PT DKI Tetap Vonis Heru Hidayat Seumur Hidup dalam Kasus Korupsi Jiwasraya

"Menyatakan terdakwa Sonny Widjaja terbukti secara sah bersalah melakukan tindak pidana korupsi yang dilakukan bersama-sama sebagaimana dalam dakwaan primer," kata jaksa penuntut umum Kejaksaan Agung di Pengadilan Tipikor Jakarta.

JPU meyakini Sonny terbukti bersama-sama mengakibatkan kerugian negara sebesar Rp 22,788 triliun dari pengelolaan dana di perusahaan pelat merah tersebut.

Sonny adalah satu dari tujuh terdakwa perkara dugaan korupsi pengelolaan dana PT Asabri yang menjalani sidang pembacaan tuntutan pada hari ini. Namun baru Sonny yang selesai menjalani sidang pembacaan tuntutan. Dalam tuntutan ini, Sonny juga diwajibkan membayar pidana pengganti.

"Membebankan terdakwa dengan biaya pengganti sebesar Rp64,5 miliar dengan ketentuan jika terpidana tidak membayar uang pengganti paling lama dalam waktu satu bulan sesudah putusan berkekuatan hukum tetap maka harta bendanya akan disita oleh Kejaksaan dan dilelang untuk menutupi uang pengganti tersebut dan jika terpidana tidak mempunyai harta benda yang mencukupi untuk menutupi uang pengganti tersebut maka dipidana dengan penjara 5 tahun," ujar jaksa.

Sonny dinilai terbukti melakukan perbuatan sebagaimana diatur Pasal 2 ayat (1) atau Pasal 18 UU Nomor 31 Tahun 1999 sebagaimana telah diubah dengan UU Nomor 20 Tahun 2001 tentang Pemberantasan Tindak Pidana Korupsi juncto Pasal 55 ayat (1) ke-1 KUHP.

"Hal yang memberatkan, perbuatan terdakwa tidak mendukung program pemerintah sebagai penyelenggara negara yang bersih dan bebas dari korupsi, kolusi dan nepotisme, perbuatan terdakwa berencana terstruktur dan masif, perbuatan terdakwa membuat kepercayaan masyarakat menjadi menurun terhadap kegiatan asuransi dan pasar modal," ungkap jaksa.

Sedangkan hal yang meringankan adalah belum pernah dihukum, memiliki tanggungan keluarga dan bersikap sopan selama dipersidangan.

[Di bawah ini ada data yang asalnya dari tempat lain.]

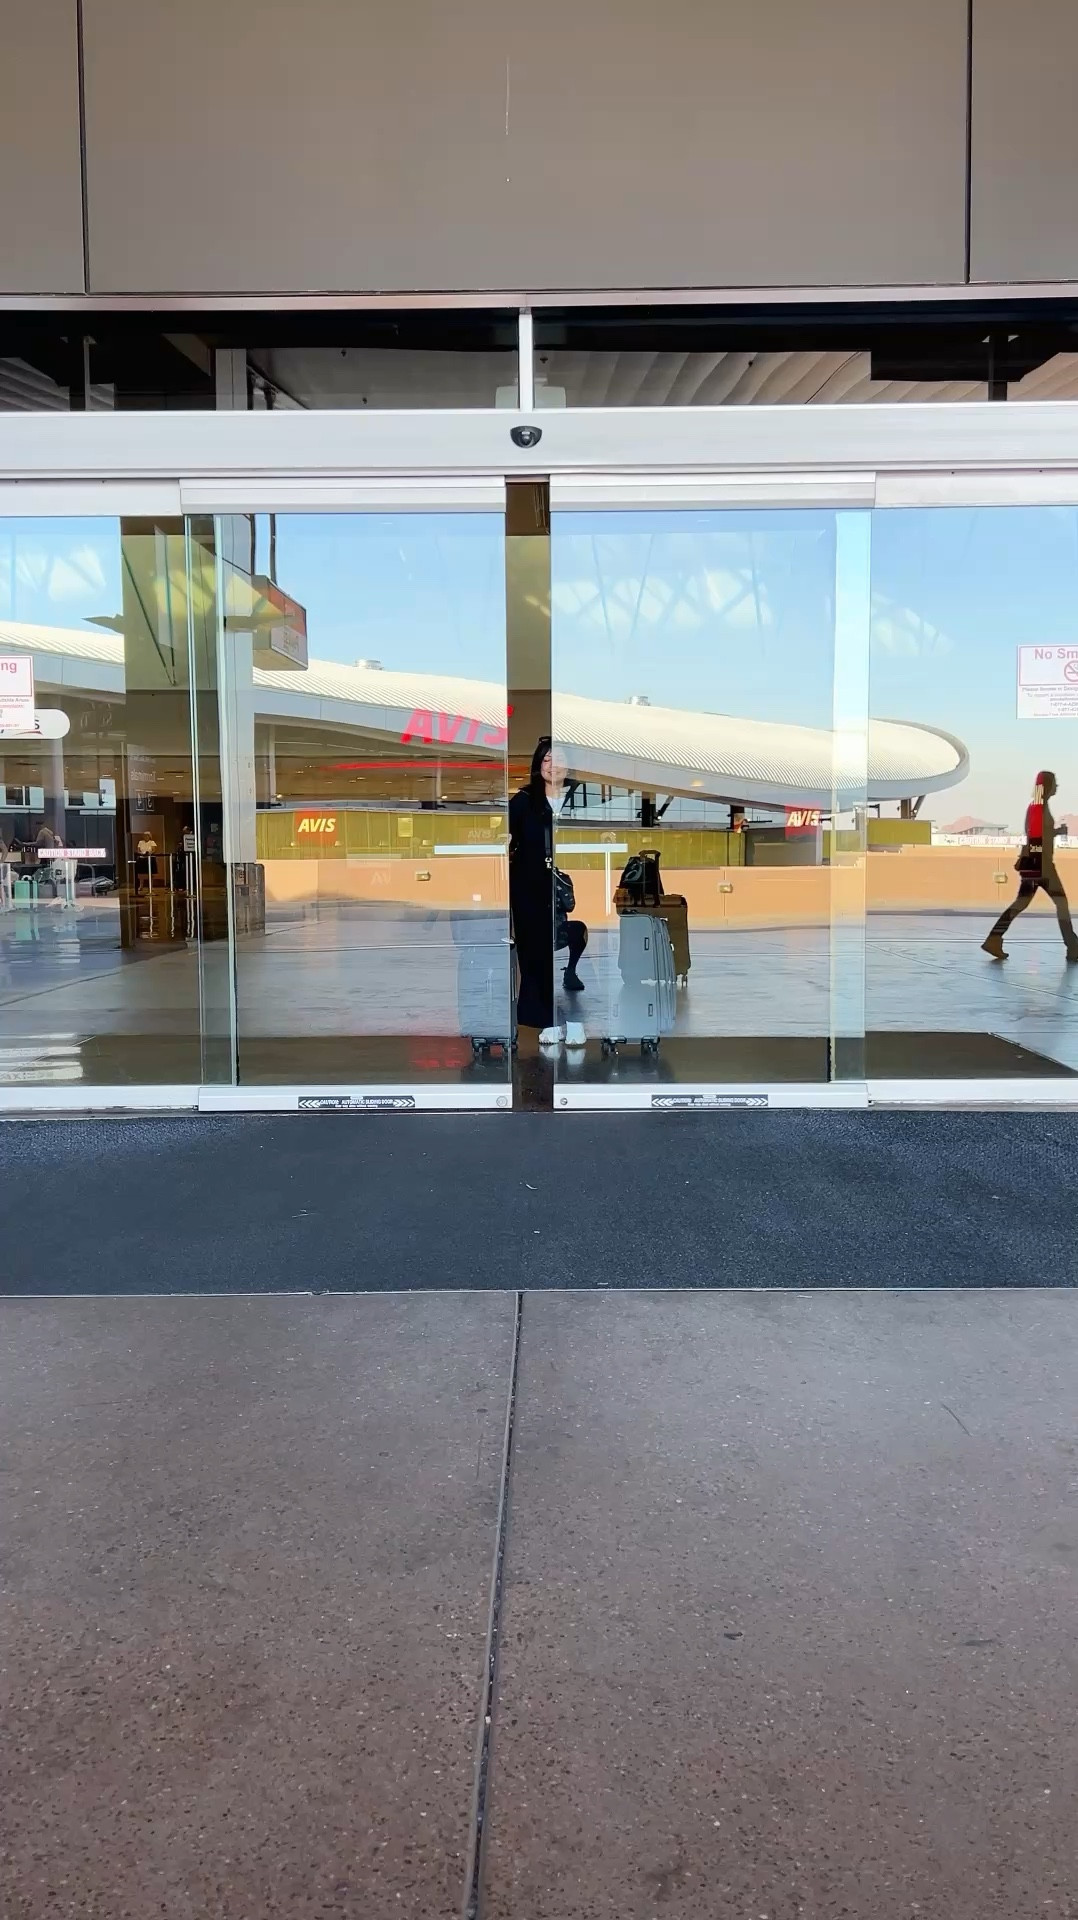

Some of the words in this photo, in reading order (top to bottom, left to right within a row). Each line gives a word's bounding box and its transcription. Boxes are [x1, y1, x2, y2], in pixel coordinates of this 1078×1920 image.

Enam terdakwa lain yang akan dibacakan tuntutannya adalah Dirut PT Asabri periode 2012 - Maret 2016 Mayjen Purn. Adam Rachmat Damiri; Direktur Investasi dan Keuangan PT Asabri Juli 2014 - Agustus 2019 Hari Setianto; Dirut PT Eureka Prima Jakarta Tbk (LCGP) Lukman Purnomosidi; Direktur PT Jakarta Emiten Investor Relation Jimmy Sutopo; dan Presiden Komisaris PT Trada Alam Minera Heru Hidayat.

Baca Juga

Kasus Dugaan Korupsi Asabri, Heru Hidayat Dituntut Hukuman Mati

PT. Asabri mendapatkan pendanaan yang berasal dari dana program THT (Tabungan Hari Tua) dan dana program AIP (Akumulasi Iuran Pensiun) yang bersumber dari iuran peserta Asabri setiap bulannya yang dipotong dari gaji pokok TNI, Polri dan ASN/PNS di Kemenhan sebesar 8 persen dengan rincian untuk dana pensiun dipotong sebesar 4,75 persen dari gaji pokok dan untuk THT dipotong sebesar 3,25 persen dari gaji pokok.

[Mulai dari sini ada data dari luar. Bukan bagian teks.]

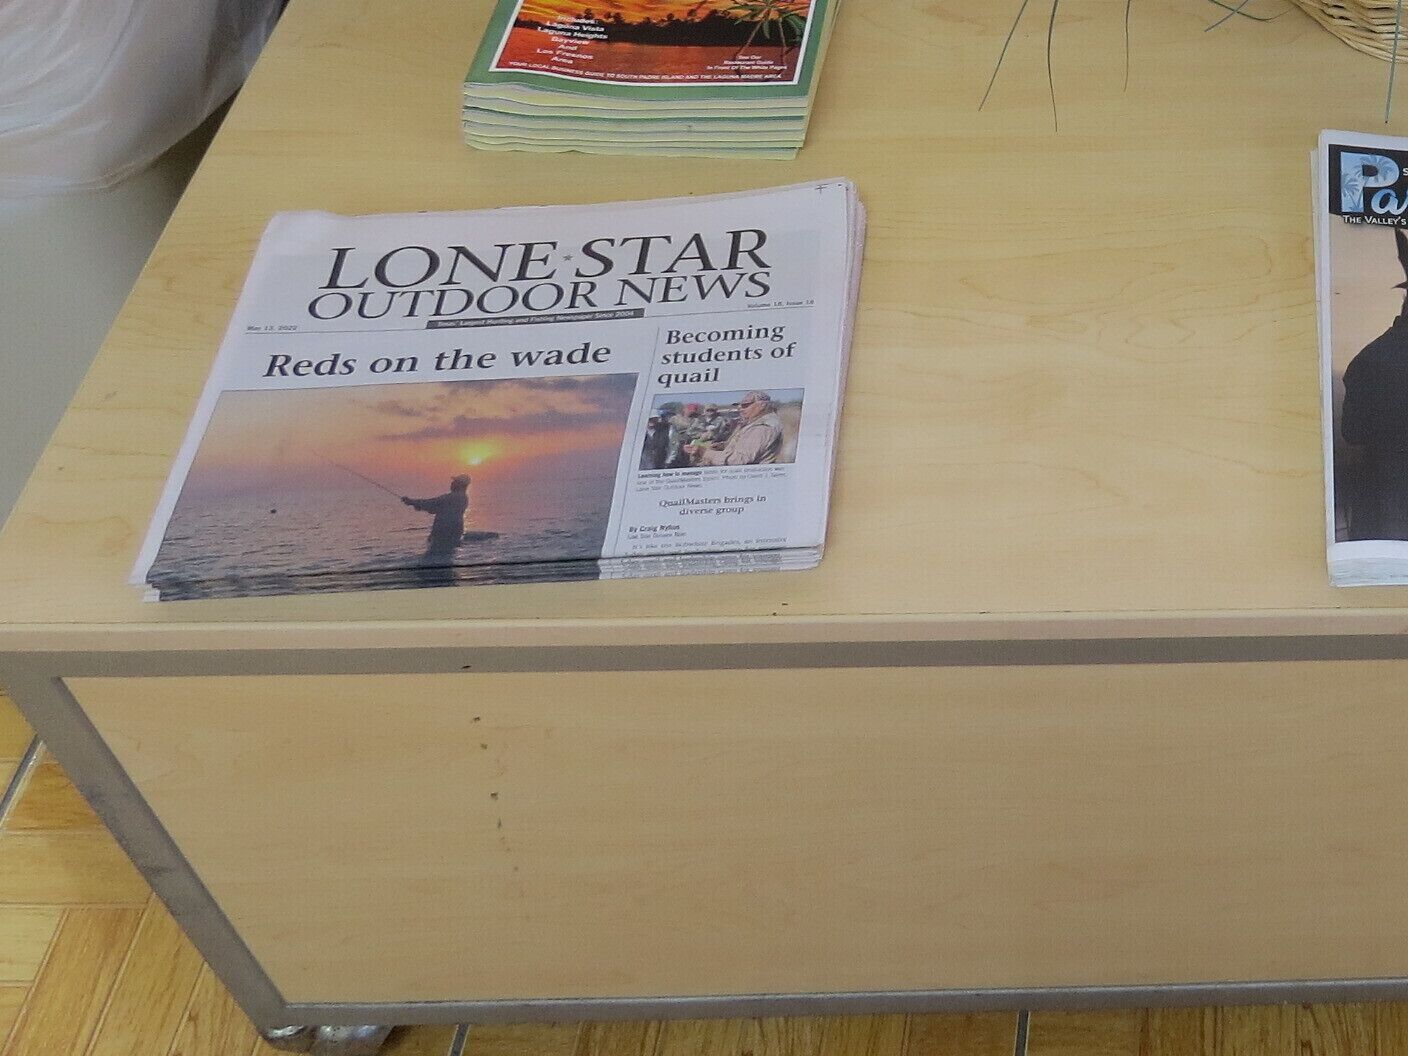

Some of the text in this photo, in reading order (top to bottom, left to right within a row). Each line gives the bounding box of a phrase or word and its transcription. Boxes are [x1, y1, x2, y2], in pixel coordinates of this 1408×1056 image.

[537, 26, 608, 40] Laguna Heights
[318, 228, 772, 290] LONE STAR
[308, 271, 771, 320] OUTDOOR NEWS
[666, 325, 786, 344] Becoming
[262, 342, 612, 378] Reds on the wade
[661, 342, 797, 364] students of
[657, 367, 720, 389] quail
[659, 494, 766, 508] QuailMasters brings in
[679, 506, 744, 516] diverse group

Mantan Kepala Divisi Investasi PT Asabri Ilham Wardhana (telah meninggal dunia) pada rapat Desember 2012 menyampaikan dalam rapat direksi yang dipimpin Adam Rachmat Damiri bahwa PT Asabri harus investasi di pasar modal dalam bentuk instrumen saham dan jenis saham tersebut termasuk saham yang sedang bertumbuh atau dikenal dengan layer 2 atau layer 3 yaitu saham-saham yang mempunyai risiko tinggi.

Saham-saham berisiko tinggi itu antara lain adalah saham LCGP (PT. Eureka Prima Jakarta Tbk) sejak Oktober 2012, MYRX (PT. Hanson International Tbk) di pasar reguler sejak 4 Oktober 2012 dan SUGI (PT Sugih Energy Tbk).

Dalam kurun waktu 2012-2019, Ilham Wardhana Siregar bersama-sama dengan Adam Rachmat Damiri, Bachtiar Effendi, Hari Setianto, Sonny Widjaya telah melakukan pertemuan dan kesepakatan-kesepakatan untuk mengatur penempatan dana PT Asabri dalam investasi saham, reksadana, Medium Term Note (MTN) atau surat utang jangka menengah dan investasi lainnya.

Pertemuan itu dihadiri beberapa pihak pemilik saham yaitu Lukman Purnomosidi, Danny Boestami, Benny Tjokrosaputro, Edward Seky Soeryadjaya, Bety, Lim Angie Christina, Rennier Abdul Rahman Latief, Heru Hidayat dan 15 manajer investasi lainnya.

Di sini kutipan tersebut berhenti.